Quite frankly, it looked like the markets were going to crash on Thursday, led down by the absolute disaster in financial stocks. Fortunately, a funny thing happened on the way to the potential collapse. At about 1 p.m. Thursday, the financial stocks, as well as the rest of the market, found their footing, and the market had one of those dramatic reversals. Did the market know that the Federal Reserve was going to cut the discount rate, or did the market just bounce off of support? We may never know the actual reason, but it is sure interesting to think about.
Getting back to what we do know, Thursday's price reversal for the S&P 500 was 2.97% from intraday low to the close. This was the largest one-day, positive price reversal since March 17, 2003, which was right as the market was coming out of the last bear market. There is of course a big difference between the two days: For Thursday, we were recovering from a 2.6% intraday loss, while the March 2003 trade day was basically straight up from the start.
Some of the more notable upside price reversals, during a day in which the S&P 500 was down a lot during the day, have tended to occur at or near major market lows. The most recent was in March and February 2003 where we saw intraday losses of at least 1.3% followed by price reversals off the lows of at least 2.1%. There were also some major reversals off of large intraday losses in July 2002 and August 1998.

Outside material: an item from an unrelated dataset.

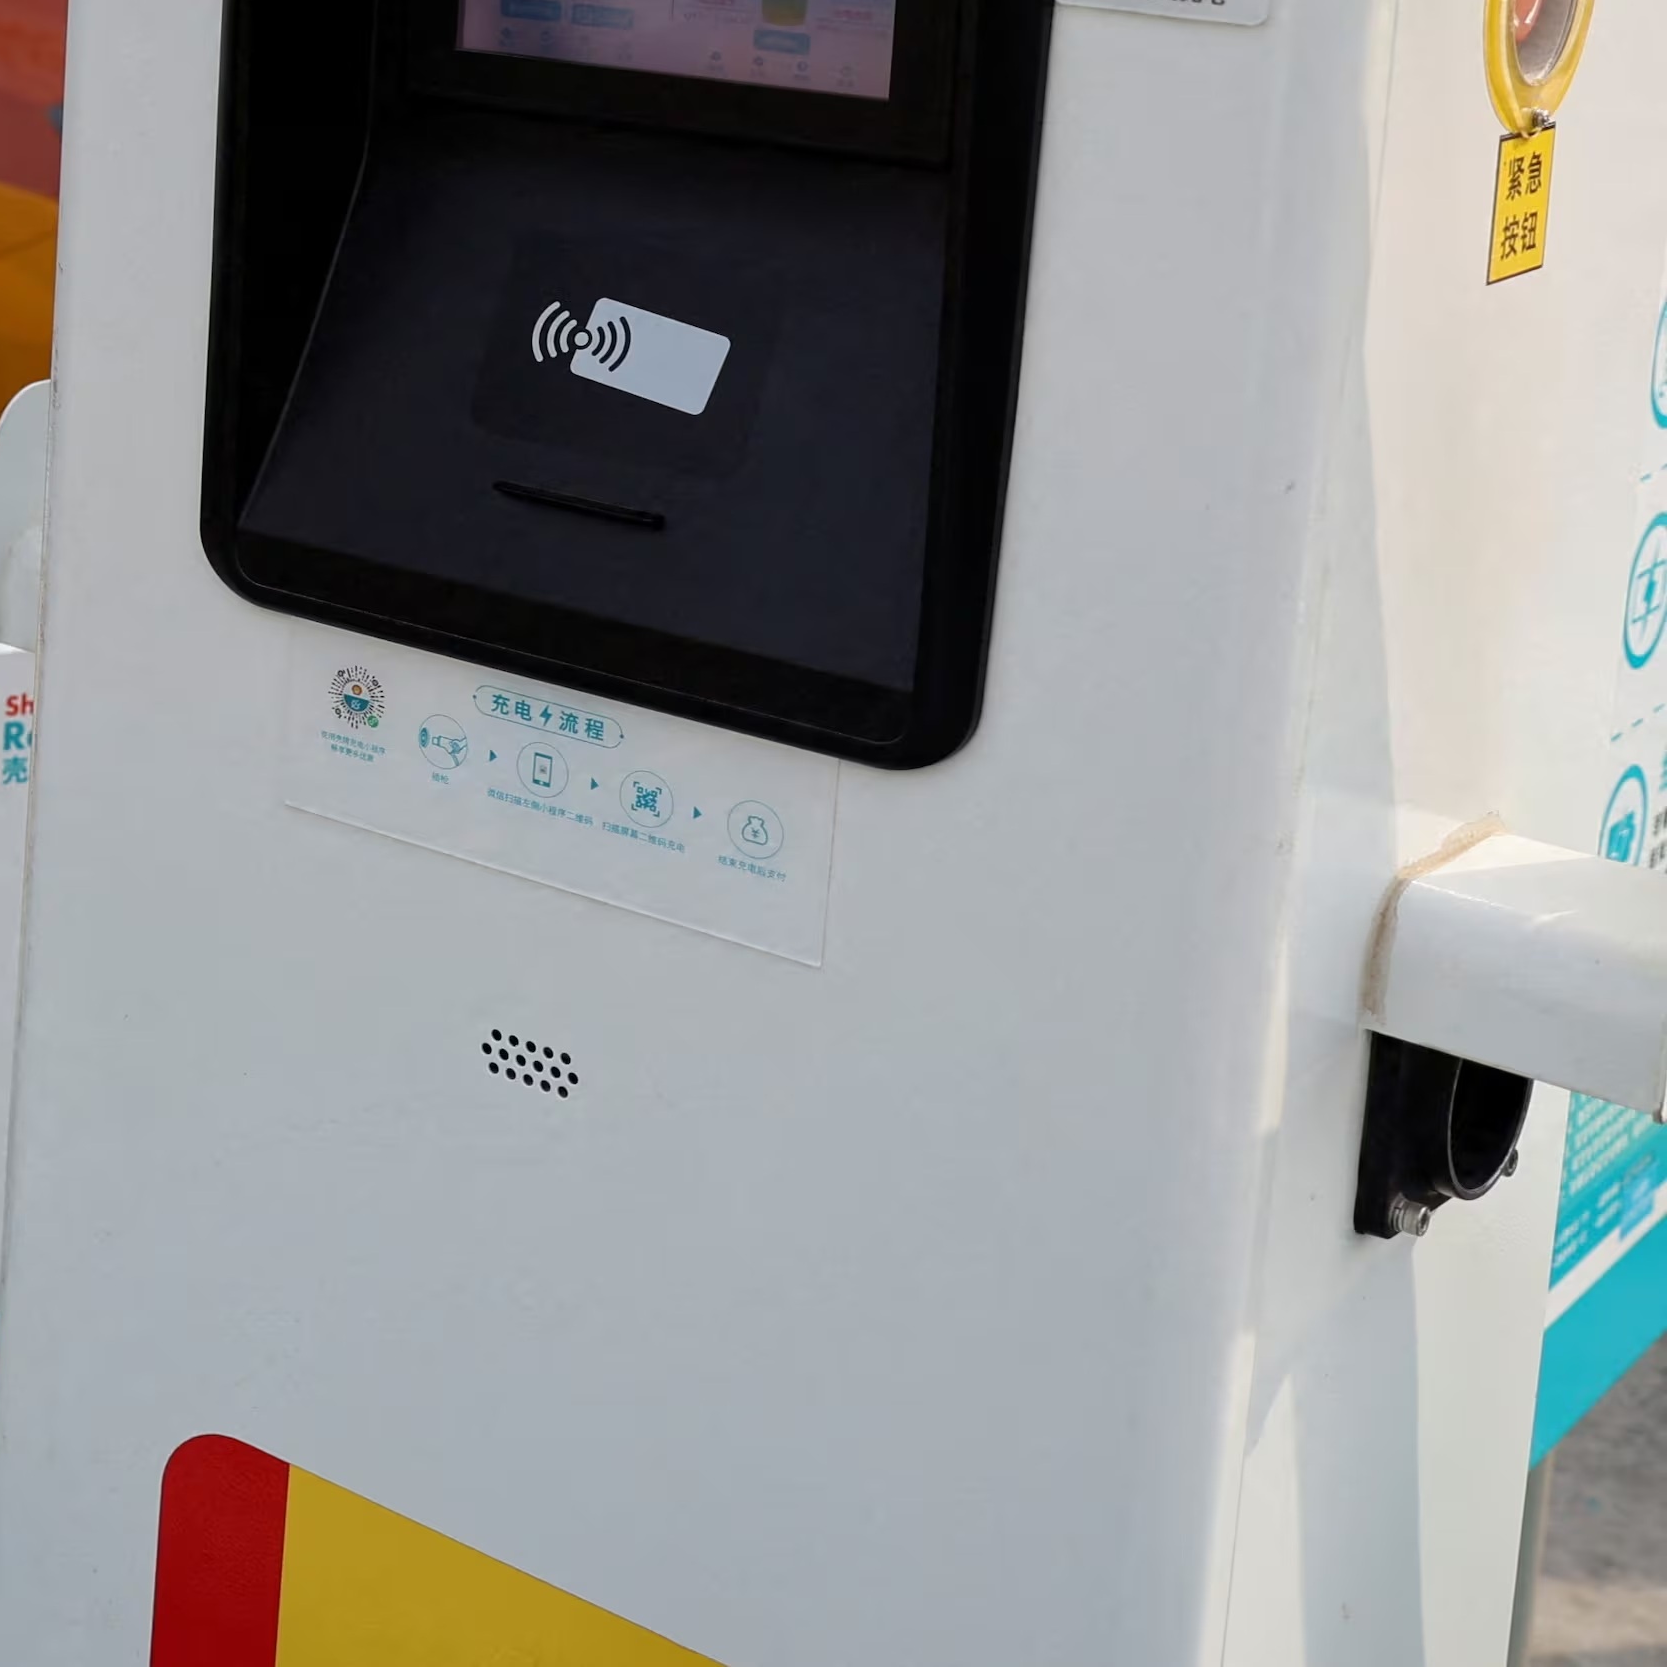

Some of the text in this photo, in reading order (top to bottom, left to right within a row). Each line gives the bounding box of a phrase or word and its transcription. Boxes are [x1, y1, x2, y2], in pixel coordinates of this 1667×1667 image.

[1505, 151, 1543, 201] 紧急
[1500, 210, 1538, 262] 按钮
[491, 694, 605, 742] 充电 流程

So are we all of the sudden "out of the woods?" We think not yet, but the Fed cut has probably gone a long way at putting at least a short-term floor under the market. One of the great things about technical analysis is that it provides the technician with clear and definable support and resistance levels. The problem is, and especially during a panic that we have been witnessing, is determining what piece of support is going to provide the ultimate floor for the market. Sometimes, we can pick the floor and other times we can only outline the possibilities.
The technicians, of course, have a solution to this dilemma, and that is to have "patience" and wait until a reversal pattern has been formed before jumping back in. So far, we have a panic intraday low down at 1370.60 and a closing low at 1406.70, but no reversal formation. If these two levels hold in the near term, and we suspect they will, the S&P 500 has quite a bit of overhead supply to deal with. Any rally into this supply has a very high probability of failing, in our view, and we think there should be some backing and filling, or a retest of the lows that we saw this week. As we have said many times, the double bottom is the most common reversal pattern at intermediate-term lows.

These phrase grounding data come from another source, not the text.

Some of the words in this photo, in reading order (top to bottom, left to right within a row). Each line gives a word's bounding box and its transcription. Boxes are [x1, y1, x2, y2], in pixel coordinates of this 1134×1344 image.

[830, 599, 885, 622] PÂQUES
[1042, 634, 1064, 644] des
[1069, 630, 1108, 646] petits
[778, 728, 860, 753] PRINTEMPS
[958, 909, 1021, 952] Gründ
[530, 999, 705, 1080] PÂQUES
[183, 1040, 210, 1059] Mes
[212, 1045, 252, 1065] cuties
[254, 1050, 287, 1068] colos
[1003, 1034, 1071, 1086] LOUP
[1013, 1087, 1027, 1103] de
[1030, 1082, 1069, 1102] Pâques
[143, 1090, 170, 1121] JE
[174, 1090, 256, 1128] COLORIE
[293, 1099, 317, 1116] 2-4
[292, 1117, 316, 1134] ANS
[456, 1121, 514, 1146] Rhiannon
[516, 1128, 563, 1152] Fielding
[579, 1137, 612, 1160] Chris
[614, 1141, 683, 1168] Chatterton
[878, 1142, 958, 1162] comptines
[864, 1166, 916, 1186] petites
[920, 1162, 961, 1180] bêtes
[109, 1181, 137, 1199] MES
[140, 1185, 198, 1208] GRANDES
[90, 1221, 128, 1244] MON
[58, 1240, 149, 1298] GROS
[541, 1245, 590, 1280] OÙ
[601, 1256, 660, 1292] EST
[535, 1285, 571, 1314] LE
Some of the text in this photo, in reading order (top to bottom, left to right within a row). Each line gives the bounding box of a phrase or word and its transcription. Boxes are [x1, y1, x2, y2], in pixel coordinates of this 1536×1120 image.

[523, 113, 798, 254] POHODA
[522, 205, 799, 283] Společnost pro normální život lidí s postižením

In our view, the technical reason why the market bounced so strongly on Thursday was that it hit chart support in the 1370 area from the lows in March. The intraday low on March 14 was 1363.98 and the closing low in March was 1374.12, right near Thursday's panic low of 1370.60. This chart support wasn't the only piece in the area, and this also may have been an important reason for the turnaround. The 65-week exponential moving average sits at 1412 and that is right near Thursday's close, and the 80-week exponential average lies at 1395. Lastly, using a standard scale on the y-axis rather than a semi-log scale which we almost always use, a long-term trendline off the March 2003 and July 2006 lows came in at 1365 on this week, just below the intraday low.
If the recent lows fail to hold, there is long-term trendline support, off the lows of the past couple of years, at 1330. The top of the next zone of chart support sits in the 1325 area.

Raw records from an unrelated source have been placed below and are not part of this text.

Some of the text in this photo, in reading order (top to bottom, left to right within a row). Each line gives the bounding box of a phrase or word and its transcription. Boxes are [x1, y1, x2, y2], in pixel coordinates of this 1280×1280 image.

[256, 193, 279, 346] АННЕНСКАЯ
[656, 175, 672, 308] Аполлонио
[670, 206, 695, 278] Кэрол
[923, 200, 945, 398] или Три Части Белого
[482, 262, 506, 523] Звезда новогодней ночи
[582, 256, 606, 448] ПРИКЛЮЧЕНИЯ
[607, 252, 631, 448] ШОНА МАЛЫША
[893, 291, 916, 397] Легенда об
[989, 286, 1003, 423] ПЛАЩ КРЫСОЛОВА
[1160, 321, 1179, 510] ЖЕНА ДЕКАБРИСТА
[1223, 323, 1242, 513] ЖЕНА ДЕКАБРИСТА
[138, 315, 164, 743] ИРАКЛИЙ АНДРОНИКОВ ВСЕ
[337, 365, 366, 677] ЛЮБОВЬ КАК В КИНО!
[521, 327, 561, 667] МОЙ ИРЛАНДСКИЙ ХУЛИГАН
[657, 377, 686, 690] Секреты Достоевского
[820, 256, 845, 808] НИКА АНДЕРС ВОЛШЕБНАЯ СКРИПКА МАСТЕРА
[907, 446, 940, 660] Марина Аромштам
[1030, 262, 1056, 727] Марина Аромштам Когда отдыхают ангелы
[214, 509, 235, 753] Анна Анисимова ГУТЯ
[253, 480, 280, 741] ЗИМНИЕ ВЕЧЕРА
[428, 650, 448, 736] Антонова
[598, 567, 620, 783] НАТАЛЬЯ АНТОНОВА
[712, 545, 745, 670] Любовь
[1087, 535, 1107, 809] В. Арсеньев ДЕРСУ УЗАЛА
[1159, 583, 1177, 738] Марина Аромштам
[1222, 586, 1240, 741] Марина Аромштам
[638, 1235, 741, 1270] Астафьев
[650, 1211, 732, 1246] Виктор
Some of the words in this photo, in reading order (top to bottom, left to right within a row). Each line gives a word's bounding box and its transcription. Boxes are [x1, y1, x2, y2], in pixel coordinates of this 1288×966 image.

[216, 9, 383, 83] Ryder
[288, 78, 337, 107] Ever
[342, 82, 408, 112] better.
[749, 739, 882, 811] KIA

As far as resistance goes, there is plenty of it, and it is dispersed pretty widely. In addition, and maybe more importantly, there is a cluster of positive days overhead that were accompanied by much larger than average volume. Many times, heavy volume days can provide very stiff resistance as the supply of stock in a certain area is quite heavy. The counter trend rally that occurred from August 6 to August 8 is a good example of heavy volume days on the upside. Each day, trading volume was at least 2.